Restate, word for word, each entry that follows, but skip its pictures.

[Stored data entries]
****************************************
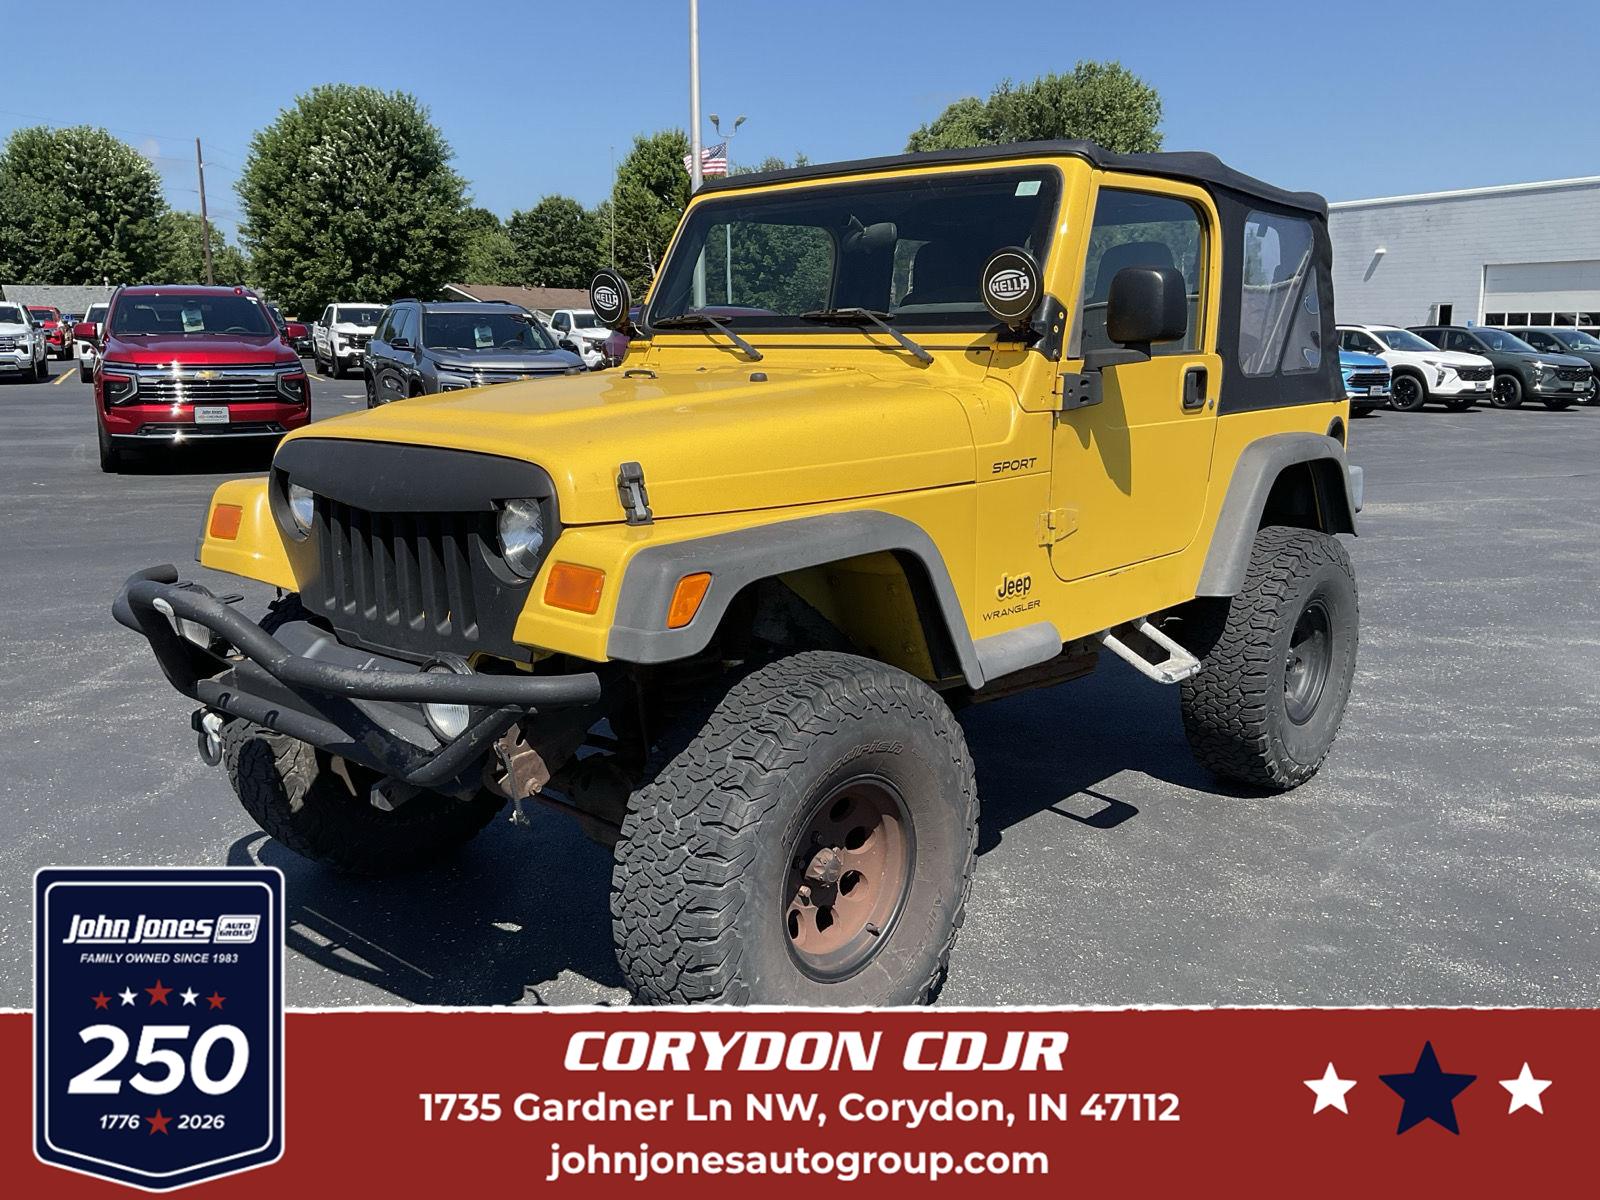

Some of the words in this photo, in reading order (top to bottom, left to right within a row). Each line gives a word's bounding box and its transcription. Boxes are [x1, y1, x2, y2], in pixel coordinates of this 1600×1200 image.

[992, 275, 1030, 292] HELLA
[596, 293, 619, 306] HELLA
[992, 457, 1037, 474] SPORT
[997, 574, 1032, 599] Jeep
[982, 599, 1041, 621] WRANGLER
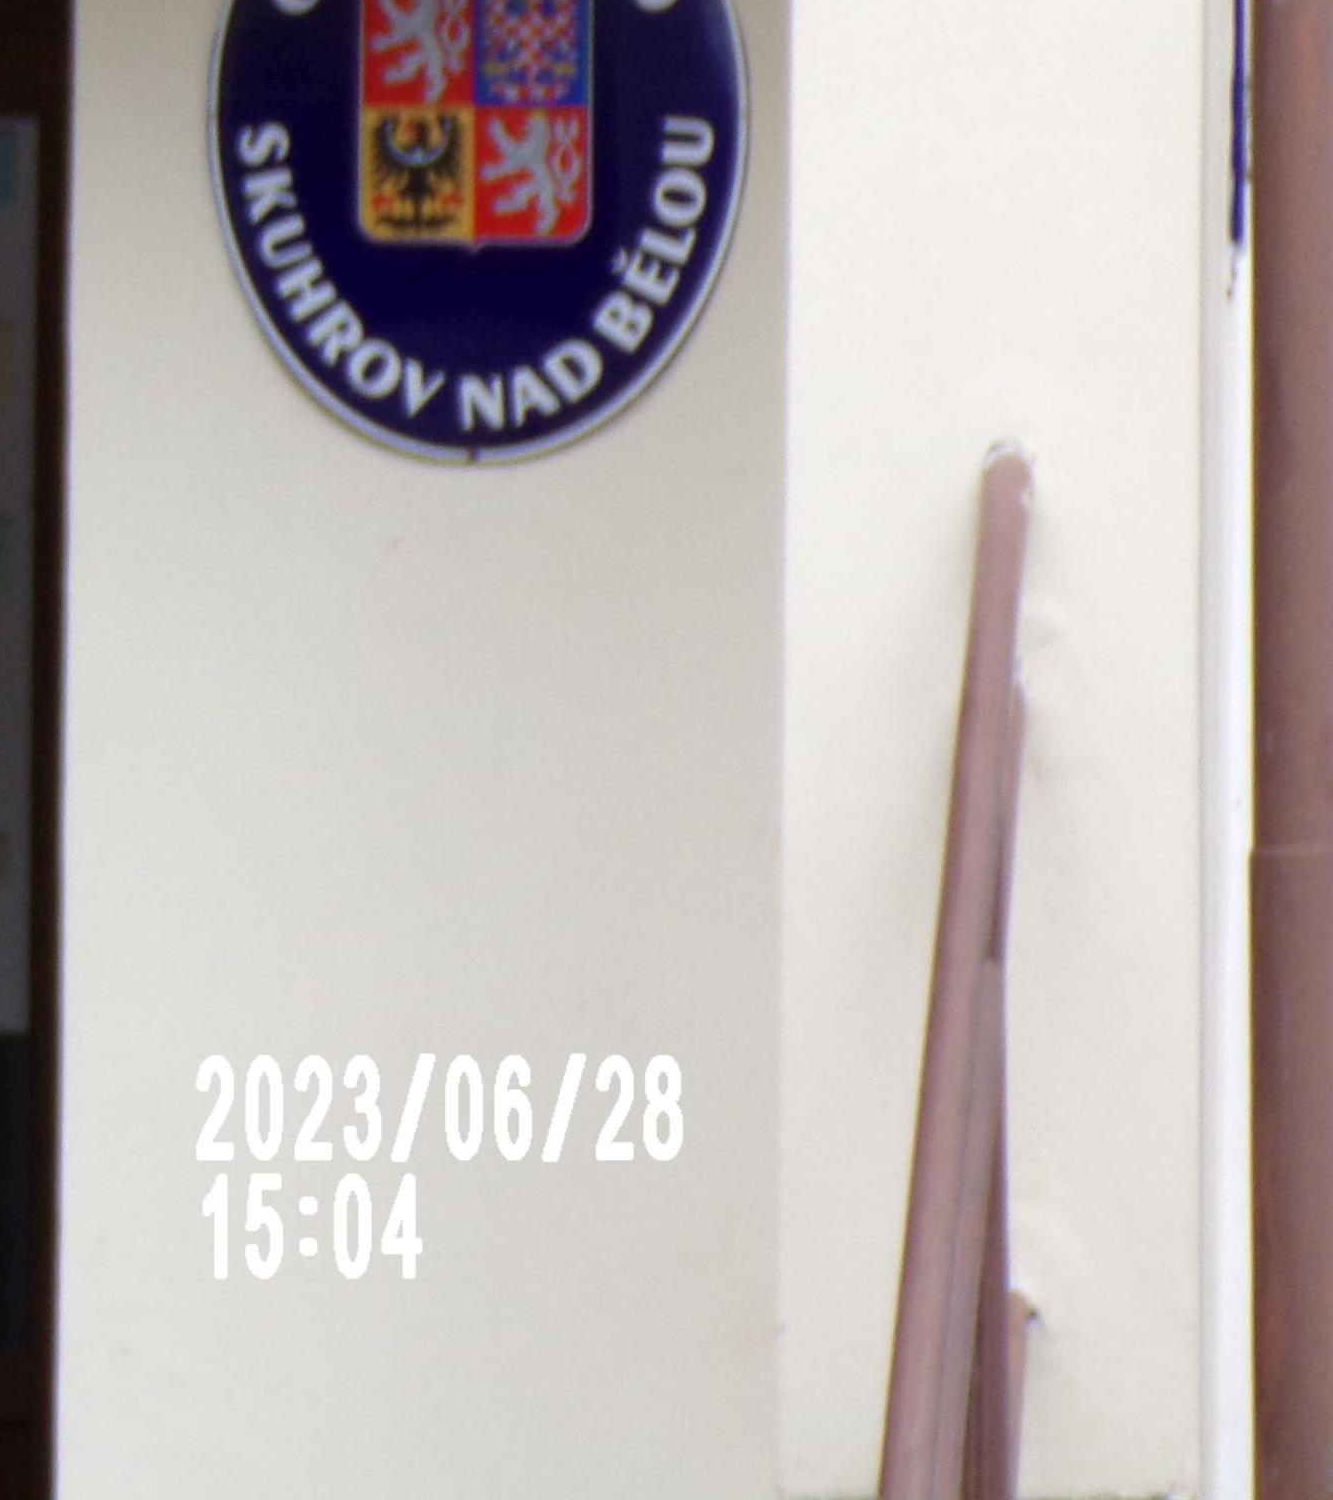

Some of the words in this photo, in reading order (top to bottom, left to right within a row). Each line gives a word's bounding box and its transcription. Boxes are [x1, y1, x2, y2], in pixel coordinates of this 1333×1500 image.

[238, 122, 445, 417] SKUHROV
[457, 339, 604, 431] NAD
[592, 115, 715, 354] BĚLOU
****************************************
Task answer:
Some of the words in this photo, in reading order (top to bottom, left to right within a row). Each line gives a word's bounding box and its transcription. Boxes are [x1, y1, x2, y2], in pixel coordinates of this 1600×1200 image.

[992, 275, 1030, 292] HELLA
[596, 293, 619, 306] HELLA
[992, 457, 1037, 474] SPORT
[997, 574, 1032, 599] Jeep
[982, 599, 1041, 621] WRANGLER

Some of the words in this photo, in reading order (top to bottom, left to right within a row). Each line gives a word's bounding box and its transcription. Boxes are [x1, y1, x2, y2], in pixel coordinates of this 1333×1500 image.

[238, 122, 445, 417] SKUHROV
[457, 339, 604, 431] NAD
[592, 115, 715, 354] BĚLOU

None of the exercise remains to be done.